Insurance is now covered by the private sector amendments to the Act, unless some entities within the industry can bring themselves within the small business exemption. For the most part, however, insurance agents and brokers will be either traders in personal information or related bodies in the terms of section 6D of the Act and hence will be subject to the Act.^[11]

28.14 The Inquiry notes, however, that even traders in personal information are exempt from the Privacy Act in some circumstances, for example, if they disclose personal information only with the consent of the individual concerned or as required or authorised by legislation.^[12]
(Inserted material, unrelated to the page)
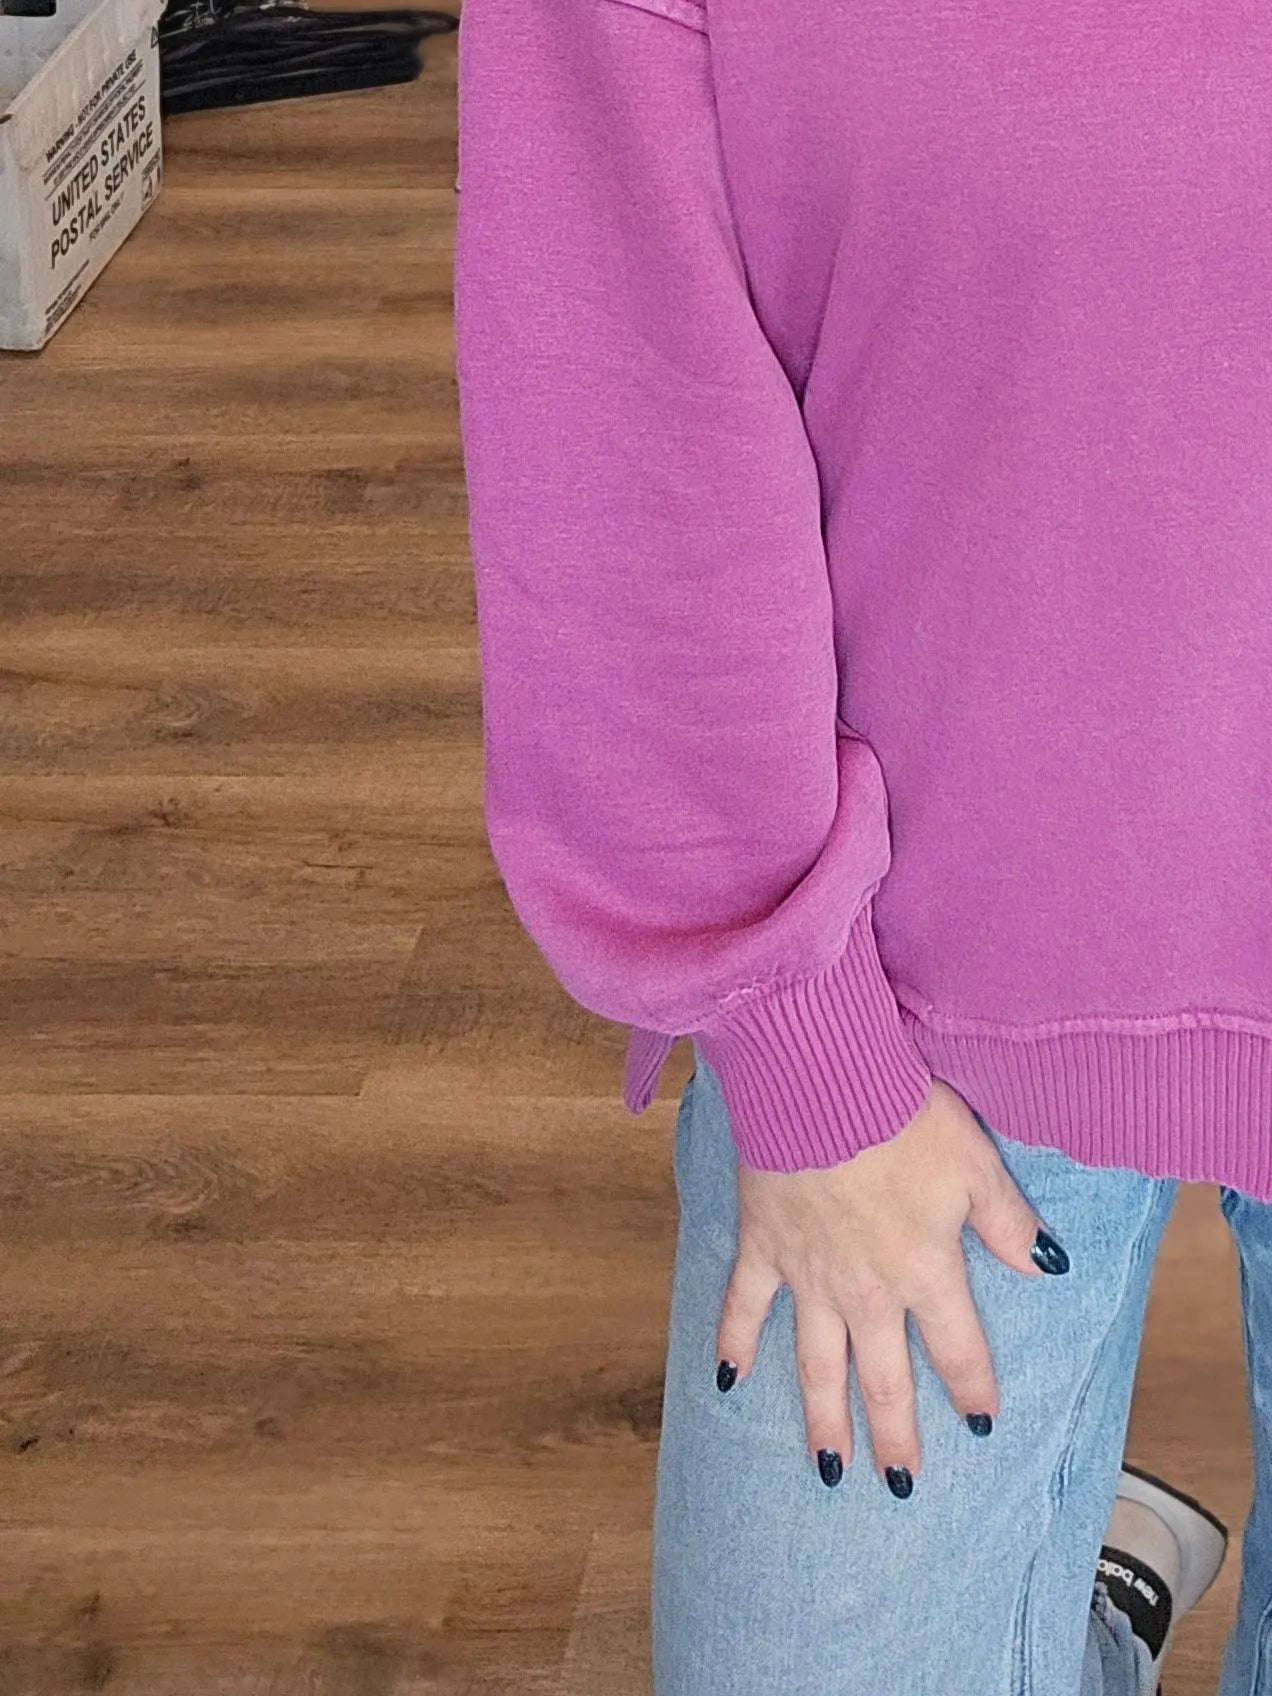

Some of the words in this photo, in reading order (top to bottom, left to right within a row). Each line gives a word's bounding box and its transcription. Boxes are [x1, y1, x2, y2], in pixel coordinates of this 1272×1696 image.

28.15 In Chapter 7 the Inquiry expressed the view that all small business operators who collect, use or disclose genetic information should be subject to the provisions of the Privacy Act. Recommendation 7–7 has been framed to address this gap in the coverage of federal privacy law, and would apply, if adopted, to small business operators in the field of insurance.

28.16 In addition to the role of federal legislation, the privacy of genetic information in underwriting is regulated by industry standards. For example, in 2001 IFSA issued a Genetic Testing Policy for its members, which is described in more detail in Chapter 25. The policy applies to genetic tests, as defined in the policy, but does not extend to genetic information in the form of family medical history. Several provisions in the Genetic Testing Policy are directed to privacy issues, including the following:

6 Insurers will ensure that results of existing genetic tests are only obtained with the written consent of the tested individual.

7 The results of genetic tests will only be used in the assessment of an insurance application in respect of the individual on whom the test was conducted. The result will not be used in the assessment of insurance applications of relatives of the tested individual.

8 Insurers will ensure that strict standards of confidentiality apply to the handling and storage of the results of genetic tests.

9 Access to the results of genetic tests in a form identifiable to particular individuals will be restricted to the insurer’s underwriters and reinsurers. The results will be made available to other third parties only with the written authorisation of the applicant/insured or in the normal course of discovery during legal proceedings.^[13]

Adequacy of regulatory framework

28.17 Submissions received by the Inquiry did not identify major problems in the legal framework for protecting genetic information collected by the insurance industry. The OFPC expressed the view that:

As previously argued in this submission, the privacy protection framework for personal information across the private sector, including the insurance industry, is fundamentally sound.^[14]

28.18 The Centre for Law and Genetics observed:

The new private sector privacy laws and arrangements, although as yet largely untested in view of their recent commencement, appear to provide quite a satisfactory framework for the protection of privacy interests in general. They are, of course, not specially geared to the protection of genetic information, although for most practical purposes, this category of information would be covered within the definition of health information which is recognized under the legislation as being a particularly sensitive form of information …

Notably, although there have been ongoing concerns about the use by insurers of genetic test information, few, if any, complaints have been heard regarding insurers’ failure to adequately protect the privacy of this information.^[15]

28.19 The Inquiry considers that the basic framework for privacy protection in the insurance context is satisfactory. However, a number of specific issues were raised which require further consideration. These issues are discussed in the following sections and relate to:

• the quality of consent to collection and use of genetic information by insurers;

• the collection of family medical history by insurers; and

• the sharing of information between related insurance organisations.